DATASET ENTRIES →
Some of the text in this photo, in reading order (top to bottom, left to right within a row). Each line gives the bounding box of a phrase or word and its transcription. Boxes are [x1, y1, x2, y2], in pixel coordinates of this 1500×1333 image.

...

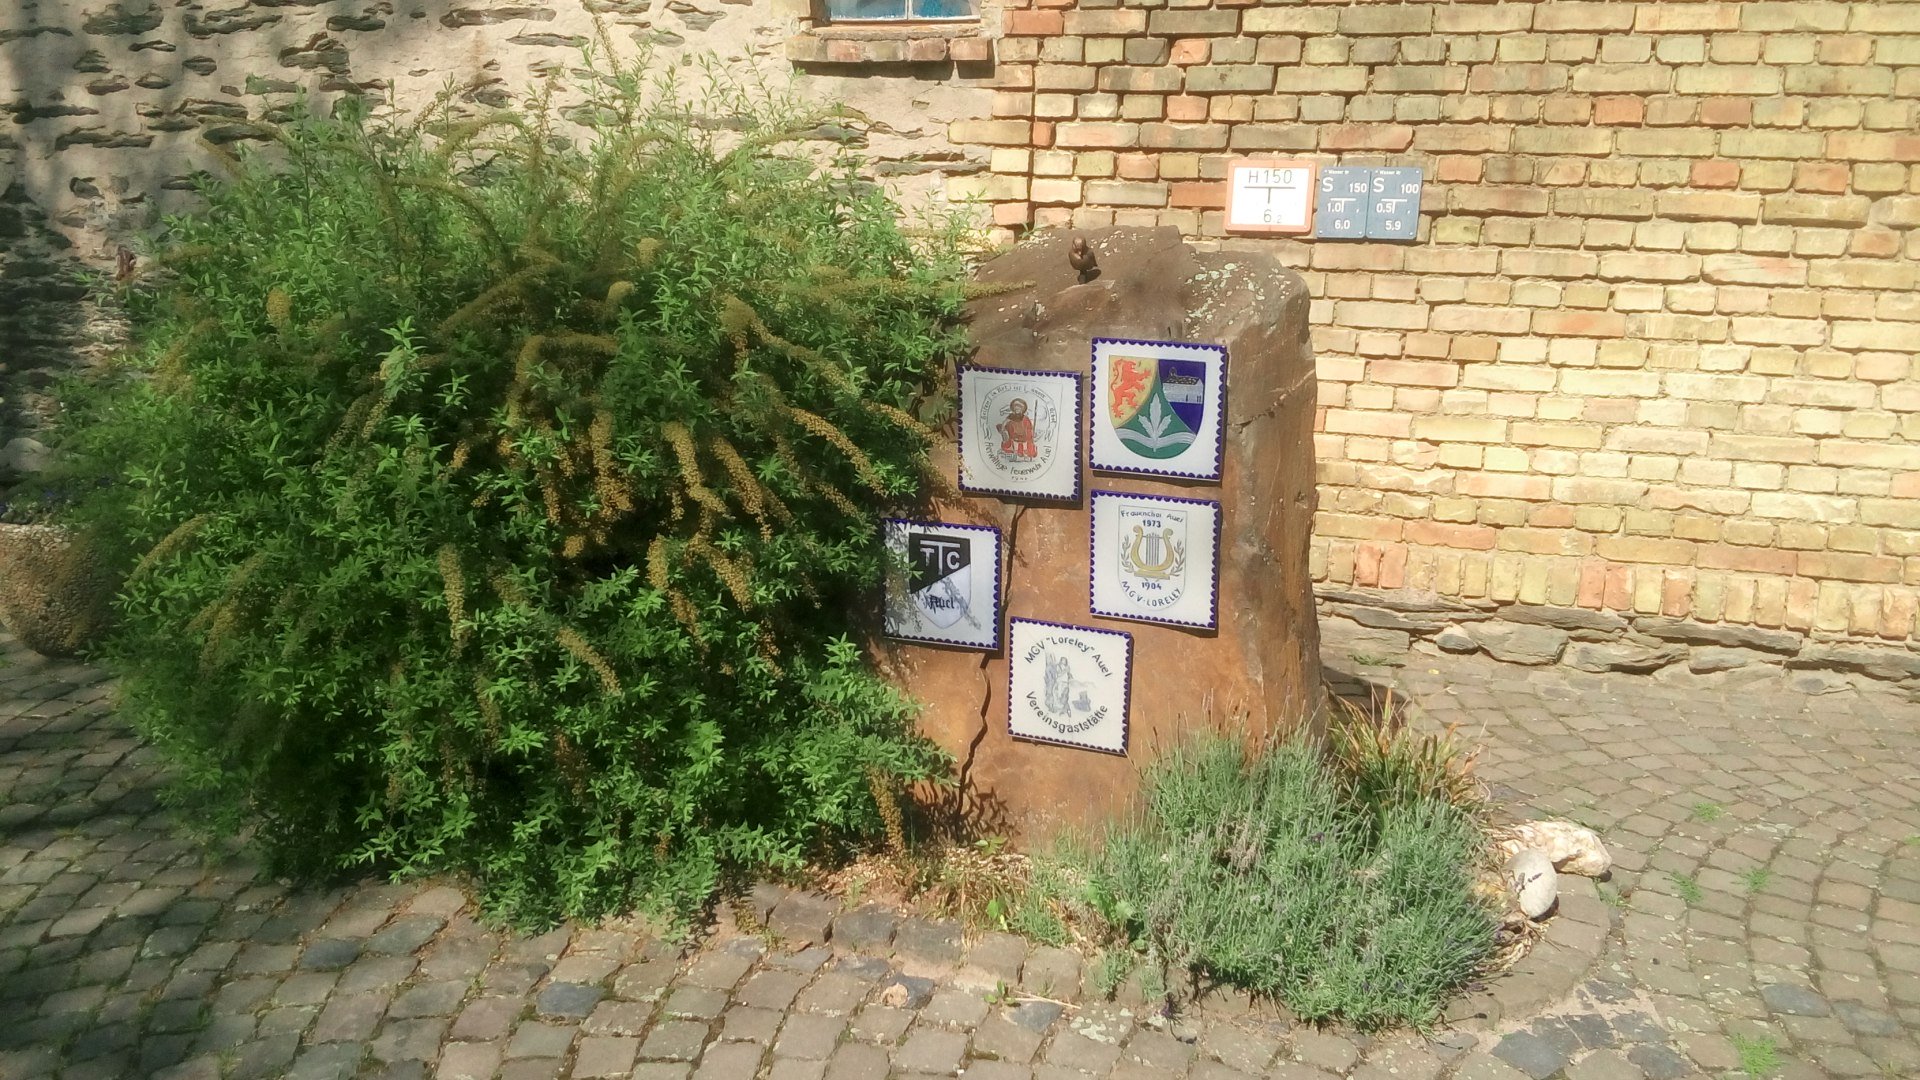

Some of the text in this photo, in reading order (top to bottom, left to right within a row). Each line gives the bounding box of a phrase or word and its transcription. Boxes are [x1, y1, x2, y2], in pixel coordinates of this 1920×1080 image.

--

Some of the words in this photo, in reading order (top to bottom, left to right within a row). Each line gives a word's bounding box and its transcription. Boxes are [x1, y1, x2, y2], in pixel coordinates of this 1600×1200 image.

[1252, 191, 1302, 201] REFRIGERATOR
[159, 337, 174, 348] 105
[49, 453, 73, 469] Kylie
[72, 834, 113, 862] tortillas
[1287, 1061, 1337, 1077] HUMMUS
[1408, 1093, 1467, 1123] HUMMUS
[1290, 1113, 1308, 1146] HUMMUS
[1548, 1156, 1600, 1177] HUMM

TASK STATEMENT → Every line of the listing that holds "text" should be found and copied.

SOLVED PROBLEM →
Some of the text in this photo, in reading order (top to bottom, left to right within a row). Each line gives the bounding box of a phrase or word and its transcription. Boxes are [x1, y1, x2, y2], in pixel coordinates of this 1500×1333 image.
Some of the text in this photo, in reading order (top to bottom, left to right within a row). Each line gives the bounding box of a phrase or word and its transcription. Boxes are [x1, y1, x2, y2], in pixel coordinates of this 1920×1080 image.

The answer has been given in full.